### SUPPLIED MATERIAL
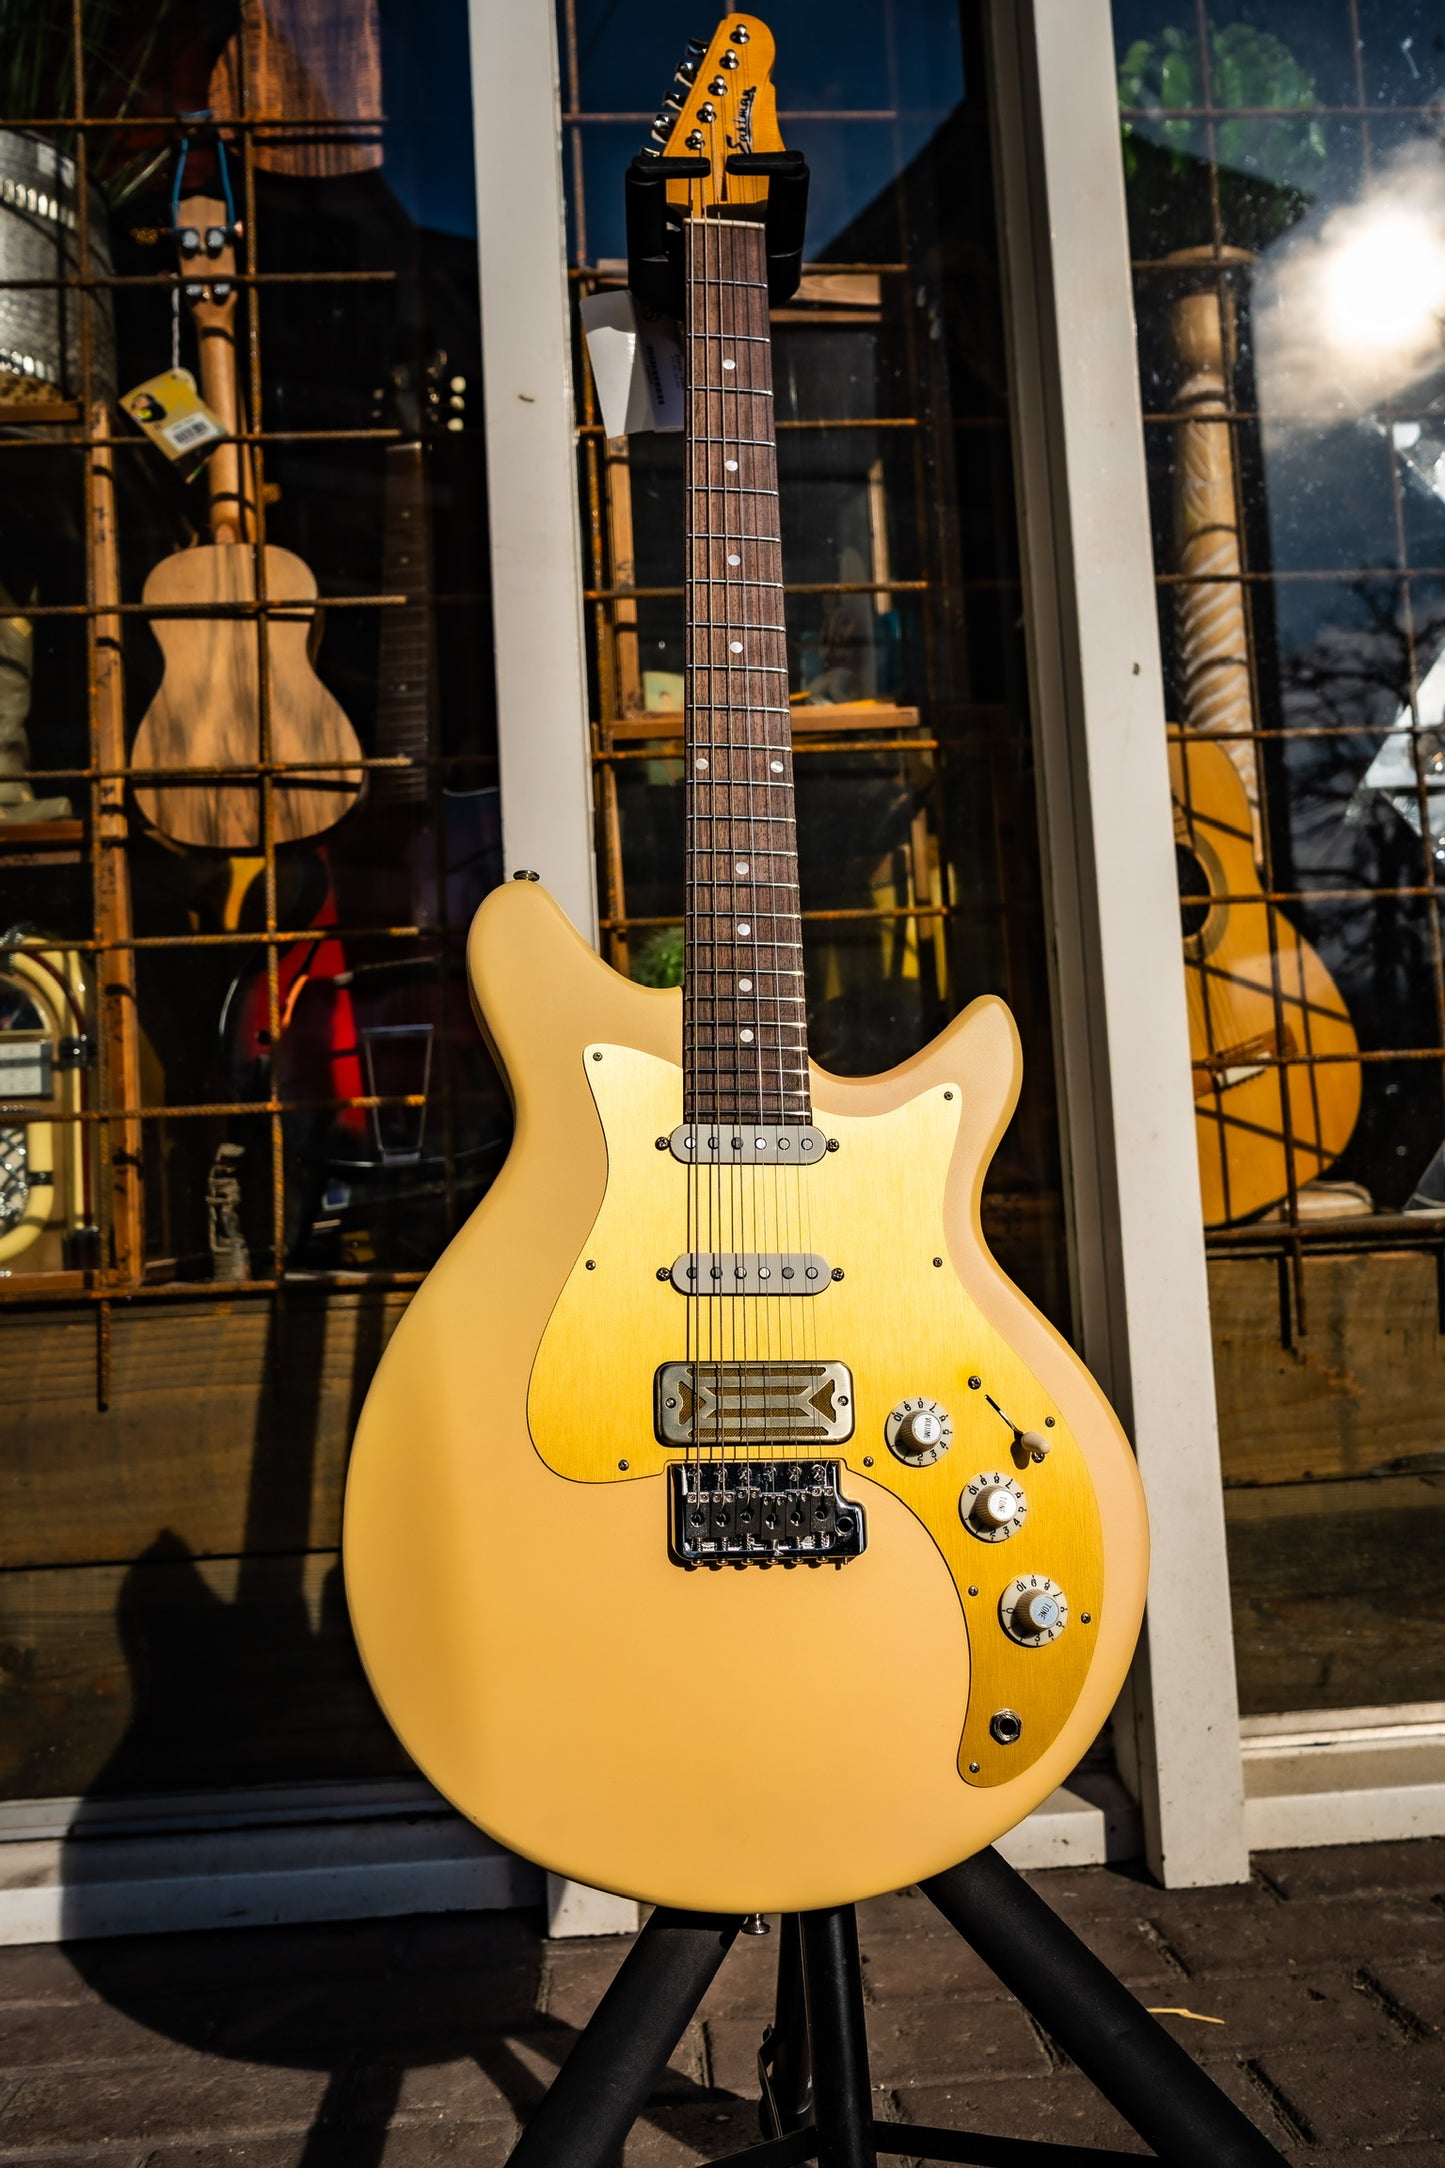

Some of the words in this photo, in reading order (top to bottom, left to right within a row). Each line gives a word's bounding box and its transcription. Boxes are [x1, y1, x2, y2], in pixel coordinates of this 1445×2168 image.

[727, 86, 756, 154] Eastman
[917, 1400, 924, 1408] 8
[893, 1412, 904, 1422] 10
[924, 1417, 932, 1440] VOLUME
[917, 1453, 924, 1462] 2
[930, 1449, 937, 1458] 3
[994, 1476, 1000, 1484] 8
[968, 1486, 980, 1495] 10
[998, 1496, 1008, 1514] TONE
[1013, 1518, 1020, 1526] 4
[989, 1528, 996, 1537] 2
[1003, 1526, 1010, 1534] 3
[1016, 1582, 1027, 1592] 10
[1044, 1582, 1050, 1590] 8
[1038, 1602, 1052, 1621] TONE
[1034, 1633, 1041, 1642] 3
[1048, 1630, 1054, 1638] 4

### WORK ITEM
Each entry above should be printed again word for word, with any picture dropped.

### WRITTEN SOLUTION
Some of the words in this photo, in reading order (top to bottom, left to right within a row). Each line gives a word's bounding box and its transcription. Boxes are [x1, y1, x2, y2], in pixel coordinates of this 1445×2168 image.

[727, 86, 756, 154] Eastman
[917, 1400, 924, 1408] 8
[893, 1412, 904, 1422] 10
[924, 1417, 932, 1440] VOLUME
[917, 1453, 924, 1462] 2
[930, 1449, 937, 1458] 3
[994, 1476, 1000, 1484] 8
[968, 1486, 980, 1495] 10
[998, 1496, 1008, 1514] TONE
[1013, 1518, 1020, 1526] 4
[989, 1528, 996, 1537] 2
[1003, 1526, 1010, 1534] 3
[1016, 1582, 1027, 1592] 10
[1044, 1582, 1050, 1590] 8
[1038, 1602, 1052, 1621] TONE
[1034, 1633, 1041, 1642] 3
[1048, 1630, 1054, 1638] 4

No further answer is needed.